Zufrieden hätte er sich schon gegeben, immer noch Arno Schmidt, wenn sich ein Verleger ermannt hätte (»Es handelt sich um eine nationale Aufgabe!«) und das Werk, das unser Anrecht auf das Stückelchen Südsee belegt, wieder heraus brächte, in einem Band möglichst, Lexikonformat, doppelspaltig.

Der Verleger für dieses Nationaldenkmal hat sich inzwischen gefunden. Er heißt Lutz Kroth, leitet das Versandhaus Zweitausendeins und ist sonst mit Büchern beschäftigt, in denen er ein langsameres Denken (aber bitte mit Bionen!) propagiert oder Homöopathie für Hunde. Ausgerechnet bei Zweitausendeins und auch noch zum Schnäppchenpreis ist die größte verlegerische Leistung des Jahres zu haben: die erste vollständige Ausgabe der »Wunderlichen Fata«, der »Insel Felsenburg«, seit zweihundert Jahren.
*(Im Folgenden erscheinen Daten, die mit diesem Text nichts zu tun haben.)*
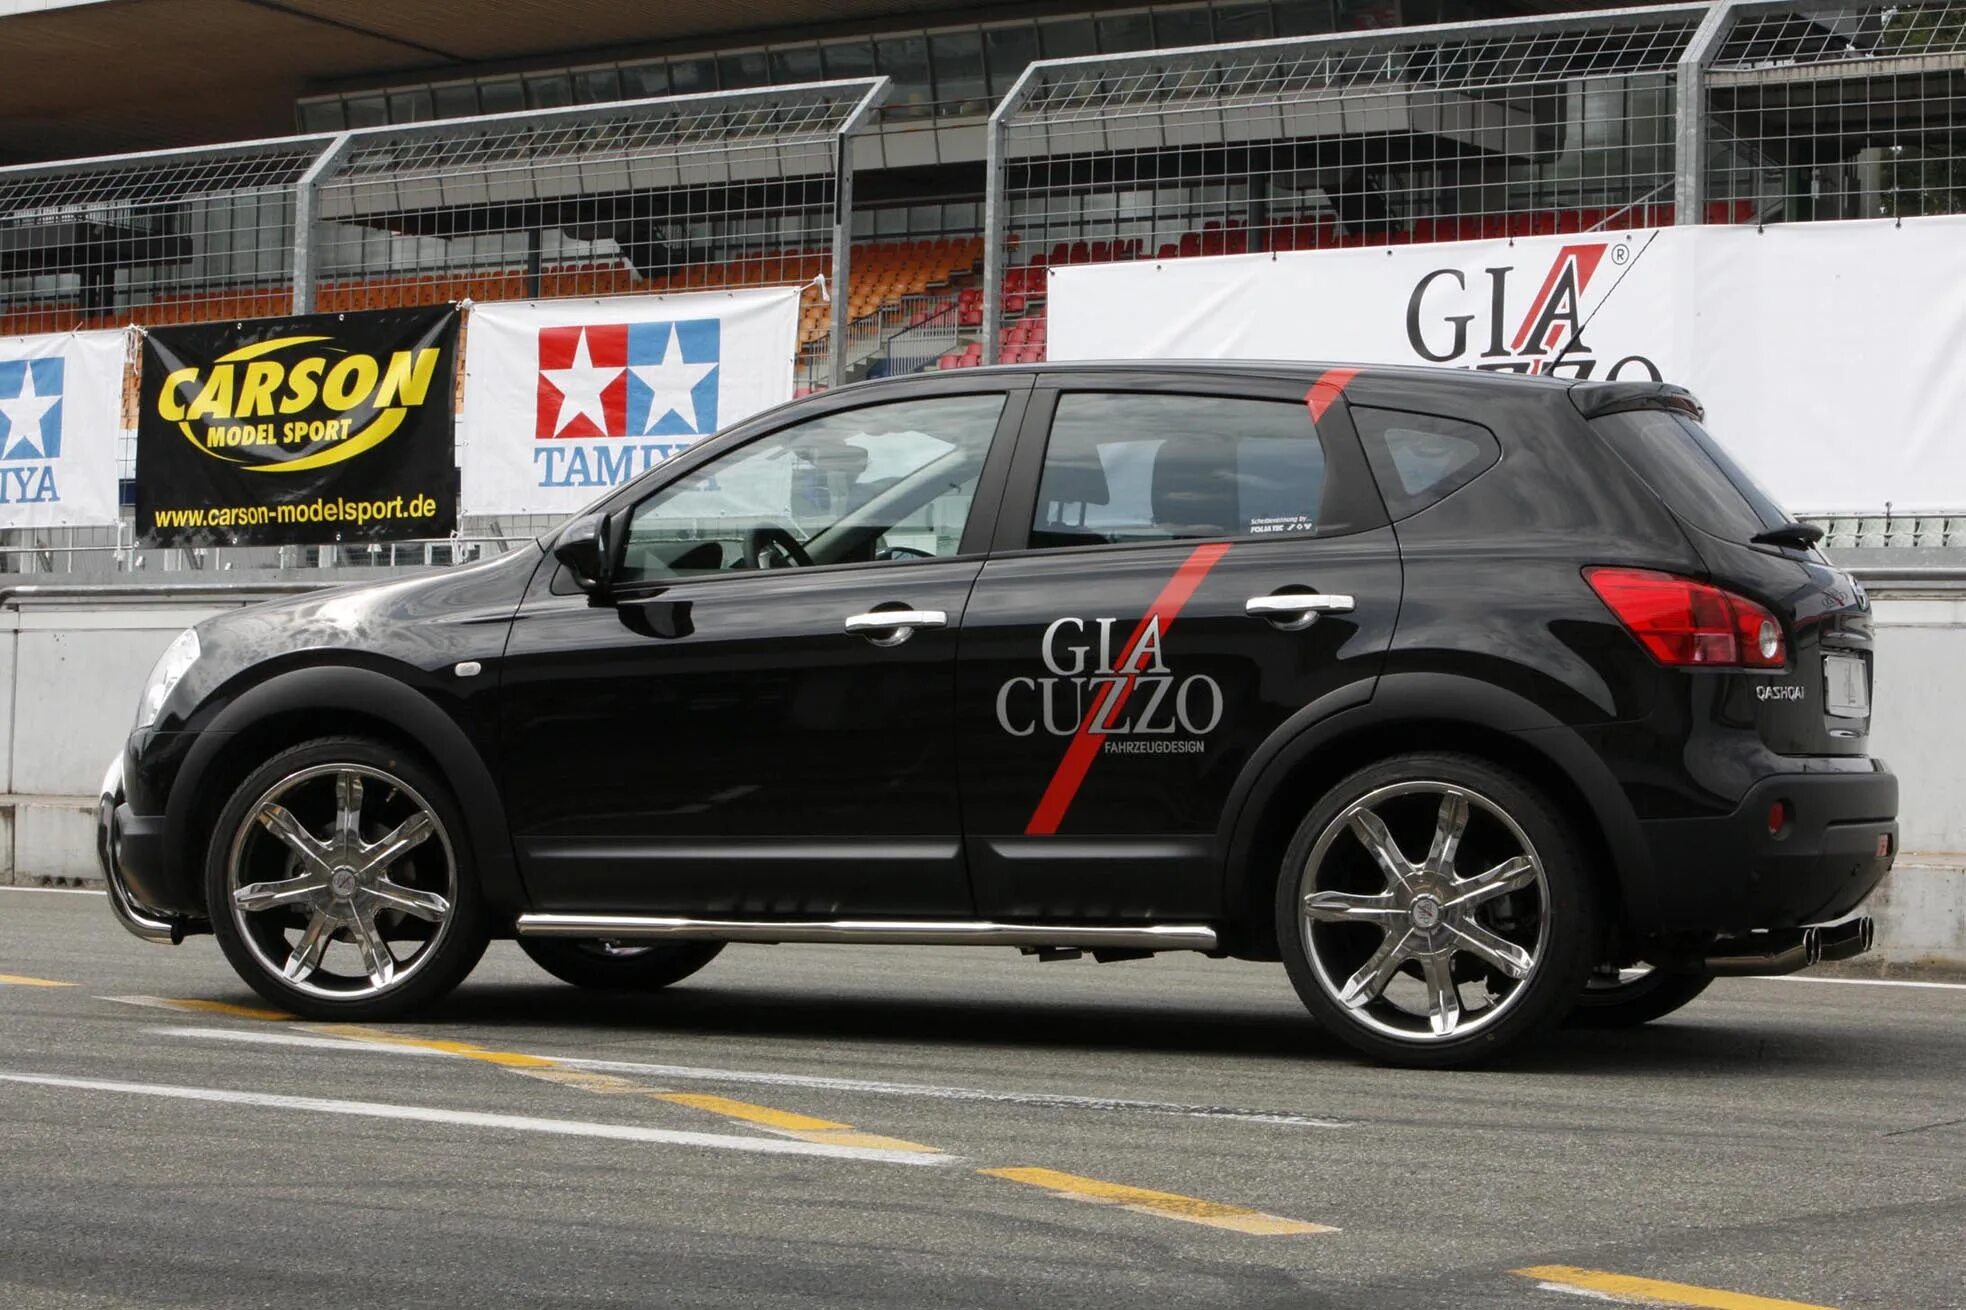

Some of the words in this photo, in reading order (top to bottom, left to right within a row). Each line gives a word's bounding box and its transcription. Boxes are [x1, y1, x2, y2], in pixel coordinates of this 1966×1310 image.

Wo die Germanistik versagt, beziehungsweise die ihr angeschlossenen Subventionsverlage, ist es die Privatwirtschaft, welche die deutsche Philologie rettet. Aber man muß gerecht sein: Bei Zweitausendeins ist schon manch schönes Monument der Literatur erschienen, Kraus’ Fackel zum Beispiel oder die kolossale Max-Herrmann-Neiße-Ausgabe und die »Haidnischen Alterthümer« natürlich, Wezel und Fouqué und Tieck und Oppermann (und auch mancher Quark dabei), lauter Neben-Klassiker, Bestseller ihrer Zeit und zum Glück noch nicht in jedem Kanon. Und jetzt, nach fast zehnjähriger Unterbrechung, diese Fortsetzung, die »Insel Felsenburg«.

Und was soll das sein?

Bitte sehr, das Werk und sein Inhalt (tiiiieeef Luft holen): »Wunderliche / FATA / einiger / See=Fahrer, / absonderlich / ALBERTI JULII, / eines gebohrnen Sachsens, / Welcher in seinem 18den Jahre zu Schiffe / gegangen, durch Schiff=Bruch selb 4te an eine / grausame Klippe geworffen worden, nach deren Ubersteigung / das schönste Land entdeckt, sich daselbst mit seiner Gefährtin / verheyrathet, aus solcher Ehe eine Familie von mehr als / 300. Seelen erzeuget, das Land vortrefflich angebauet, / durch besondere Zufälle erstaunens=würdige Schätze ge= / samm let, seine in Teuschschland ausgekundschafften Freunde / glücklich gemacht, am Ende des 1728sten Jahres, als in / seinem Hunderten Jahre annoch frisch und gesund gelebt, / und vermuthlich noch zu dato lebt, / entworffen / Von dessen Bruders=Sohnes=Sohnes=Sohne, / Mons. Eberhard Julio, / Curieusen Lesern aber zum vermuthlichen / Gemüths=Vergnügen ausgefertiget, auch par Commission / dem Drucke übergeben / Von / GISANDERN.«

Für nicht mal achtzig Mark gibt es jetzt das Buch, von dem Lessing, Goethe und Tieck schwärmten, aus dem sich ungezählte Nachahmer bedienten, darunter auch Edgar Allan Poe für seinen »Arthur Gordon Pym«. Im »Anton Reiser« bekennt sich Karl Philipp Moritz zu seiner sündigen Leidenschaft und wie sich ihm mit Schnabel die Welt öffnete: »Die Erzählung von der Insel Felsenburg tat auf Anton eine sehr starke Wirkung, denn nun gingen eine Zeitlang seine Ideen auf nichts geringers, als einmal eine große Rolle in der Welt zu spielen ...«

Jugendlicher Größenwahn natürlich, doch eine schöne Idee: ein Gemeinwesen, einer für alle und alle für einen, Gleichheit, Freiheit, Brüderlichkeit, wenn auch im Auslande nur, auf einem fernen Inselchen, aber eine deutsche Erfindung. »Utopie«? Ist das nicht schwer totalitär und sowieso von gestern, und hatte nicht Arno Schmidt schon zugeben müssen: »Ein leichter Geruch nach DDR erhebt sich«? Kann ja sein, aber welches teutsche Buch hätte sich sonst so weit vorgewagt wie dieser hemmungslos robinsonierende Unterhaltungsroman?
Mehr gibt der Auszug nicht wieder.